The Advocacy Network for Africa (AdNA) is a non-partisan network of US-based organizationsand scholars with programmatic focus on Africa /U. S-Africa policy.

We share an urgent concern about the advancing COVID-19 pandemic and its impending impact on Africa’s peoples. 

  • The COVID-19 pandemic continues to ravage the global community.  The number of cases in the world is surpassing 13 million and the death toll rising to close to 550,000 as of July 09, 2020. The number of confirmed cases in Africa is reported in the hundreds of thousands, but possibly millions more remain undetected as a result of the lack of adequate testing kits and laboratories;  
  • Africa faces unique challenges given relatively limited resources, high-density communities, fragile public health systems, scarcity of medical personnel, acute shortages of crucial essential services like reliable water and power sourcing.  Crises such as limited access to communication in rural areas, in massive and crowded informal settlements of displaced peoples, and growing populations confined to refugee camps pose daunting challenges to containing the spread of the virus.
  • Despite these challenges, African countries are responding proactively.  Governments and individuals in Sub-Saharan Africa have generated many innovative measures to address COVID-19 related challenges. Such initiatives deserve support; 
  • It is in the interest of the United States to support efforts to prevent the virus from proliferating in countries around the world that are currently ill-prepared. The pandemic reaffirms the African reality of Ubuntu: “I am because we are” and therefore it is only as a human family that we can overcome to COVID19 crisis.  No country can alone stop the spread of the coronavirus and that collective action is the only viable solution. 

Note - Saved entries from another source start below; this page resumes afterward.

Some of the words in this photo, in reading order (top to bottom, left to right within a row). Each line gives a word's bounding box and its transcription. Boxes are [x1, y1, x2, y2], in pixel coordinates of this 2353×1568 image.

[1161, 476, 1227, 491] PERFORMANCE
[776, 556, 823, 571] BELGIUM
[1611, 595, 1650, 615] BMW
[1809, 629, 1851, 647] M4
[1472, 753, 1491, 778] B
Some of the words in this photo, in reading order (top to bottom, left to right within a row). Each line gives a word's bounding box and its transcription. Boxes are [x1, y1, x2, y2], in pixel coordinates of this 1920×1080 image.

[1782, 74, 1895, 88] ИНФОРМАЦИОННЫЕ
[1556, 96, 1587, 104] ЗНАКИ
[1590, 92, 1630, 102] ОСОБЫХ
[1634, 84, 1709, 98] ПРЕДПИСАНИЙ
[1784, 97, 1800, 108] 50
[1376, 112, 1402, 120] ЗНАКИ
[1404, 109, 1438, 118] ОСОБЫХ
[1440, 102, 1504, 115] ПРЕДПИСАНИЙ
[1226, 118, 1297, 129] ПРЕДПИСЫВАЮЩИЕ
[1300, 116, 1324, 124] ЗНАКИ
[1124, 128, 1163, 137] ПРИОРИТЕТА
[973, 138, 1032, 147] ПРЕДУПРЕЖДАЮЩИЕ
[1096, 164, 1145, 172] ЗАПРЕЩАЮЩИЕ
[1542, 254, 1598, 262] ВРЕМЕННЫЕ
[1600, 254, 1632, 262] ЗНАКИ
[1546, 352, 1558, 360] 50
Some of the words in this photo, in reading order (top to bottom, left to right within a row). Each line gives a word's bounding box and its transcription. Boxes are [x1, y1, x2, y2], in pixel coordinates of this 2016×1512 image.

ADNA urges the U.S. Congress and the Trump Administration to:

1. Provide robust funding for an international COVID-19 response including Africa. We join our colleagues in the non-governmental community in calling on Congress to provide no less than $12 billion for the international response in the next legislative package. This funding will boost the COVID-19 capabilities of the African Union, specifically the Africa CDC, the World Health Organization, and other pertinent UN agencies and USAID working through locally-based and accountable organizations whenever possible.

2. Realize Pope Francis’ call for a “Global Jubilee” for African debt forgiveness by supporting bilateral and multilateral debt relief measures for African countries amid the COVID-19 crisis and facilitating access for African countries to World Bank financial tools so that they can prioritize spending on life-saving measures instead of debt repayment.